Chapter 2 Installation
SpaceSequest can be installed through a conda environment. We have tested the installation on Linux servers. Please ensure Conda is available on your device:
which conda
# Your conda path will be returned
Then navigate to the directory you would like to install the pipeline ($PipelineDir in the following example), and execute the following commands:
git clone https://github.com/interactivereport/SpaceSequest.git
cd SpaceSequest
# This step may take a while.

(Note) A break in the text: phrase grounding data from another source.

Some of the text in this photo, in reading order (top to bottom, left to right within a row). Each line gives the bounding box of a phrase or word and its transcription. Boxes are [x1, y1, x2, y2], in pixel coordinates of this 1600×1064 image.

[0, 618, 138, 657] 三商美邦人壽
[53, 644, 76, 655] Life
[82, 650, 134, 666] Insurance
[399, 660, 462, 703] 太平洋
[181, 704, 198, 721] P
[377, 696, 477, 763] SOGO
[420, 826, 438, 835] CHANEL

Thank you for your patience
bash install.sh
# The .env will be created under the src directory
ls $PipelineDir/SpaceSequest/src/.env
#Add pipeline scripts to $PATH
vim ~/.bash_profile
PATH=$PATH:$PipelineDir/SpaceSequest
# Close the vim text editor and source the file
source ~/.bash_profile
#To verify the installation, type the name of one of the main scripts, such as:
visium
#Output:
=== Welcome to 'visium' from SpaceRequest! ===
Please provide either a path to a folder or a config file.

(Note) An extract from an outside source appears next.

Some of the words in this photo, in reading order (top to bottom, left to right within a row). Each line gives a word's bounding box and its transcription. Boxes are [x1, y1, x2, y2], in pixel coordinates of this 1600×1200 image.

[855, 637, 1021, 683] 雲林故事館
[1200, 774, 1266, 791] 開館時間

An empty config file will be created if a path to a folder is provided.
There are six workflows that can be directly used after successful installation of SpaceSequest:
visium: Process and analyze 10x Genomics Visium data using Space Ranger outputs.

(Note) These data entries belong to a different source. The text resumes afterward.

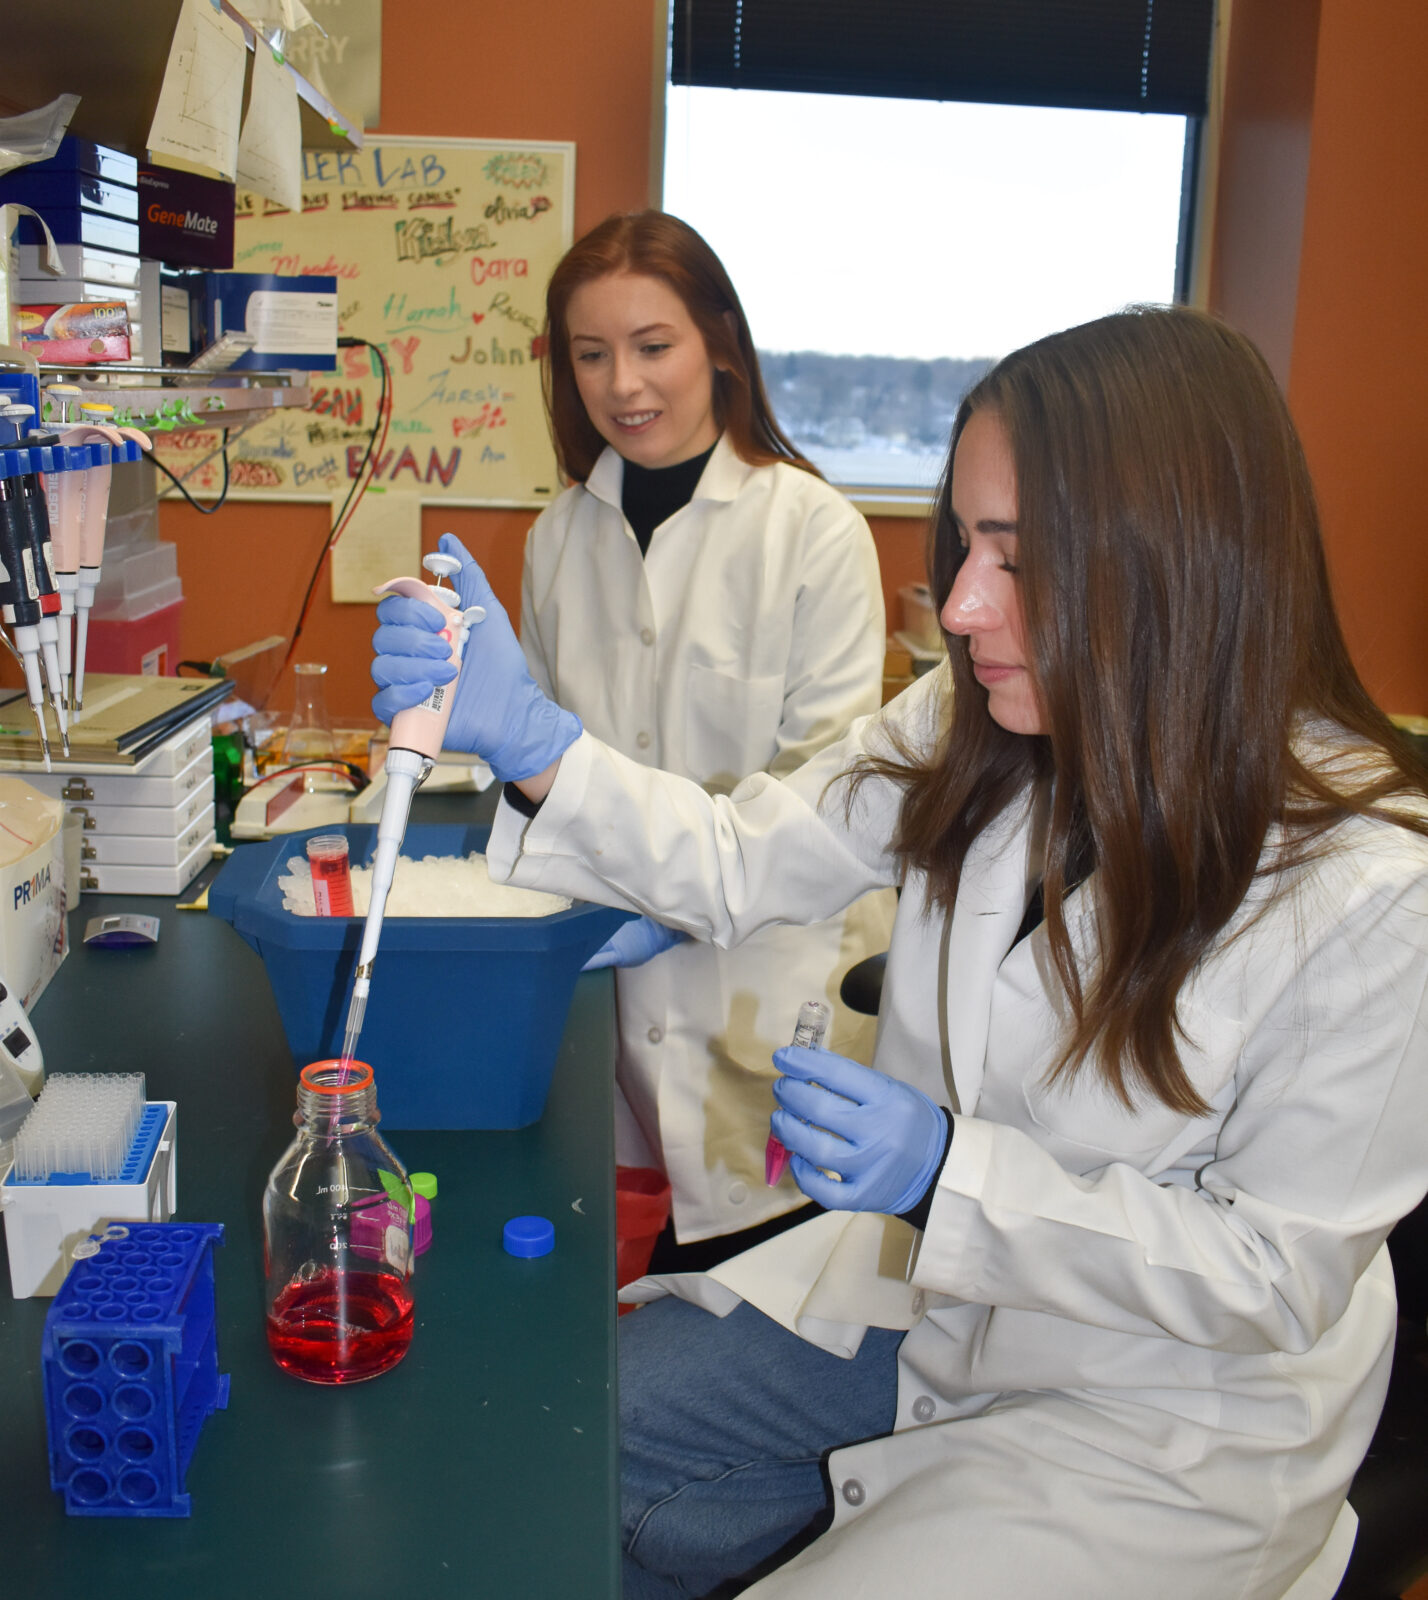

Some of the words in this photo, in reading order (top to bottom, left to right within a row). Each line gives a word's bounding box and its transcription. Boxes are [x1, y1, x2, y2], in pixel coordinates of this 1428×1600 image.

[147, 203, 218, 234] GeneMate
[471, 257, 528, 286] Cara
[450, 336, 524, 366] John
[293, 455, 339, 487] Brett
[346, 446, 462, 487] EVAN

visiumhd: Process and analyze 10x Genomics Visium HD data using Space Ranger outputs.
xenium: Analyze 10x Genomics Xenium data generated by Xenium Ranger.
cosmx: Analyze NanoString CosMx data using key files generated by the instrument.
geomx: Analyze NanoString GeoMx data using dcc files, which are converted from Fastq sequencing files.
cosMx2VIP: A converter script that incorporates CosMx data and high-resolution images to an h5ad output, which can be further explored by Cellxgene VIP.
Additionally, we also developed a new function, named getVisiumHDspotCol, to extract RGB color from the Visium HD bins, when a high-resolution image is provided. Detailed tutorials on how to used these workflows/scripts are provided in this Bookdown document.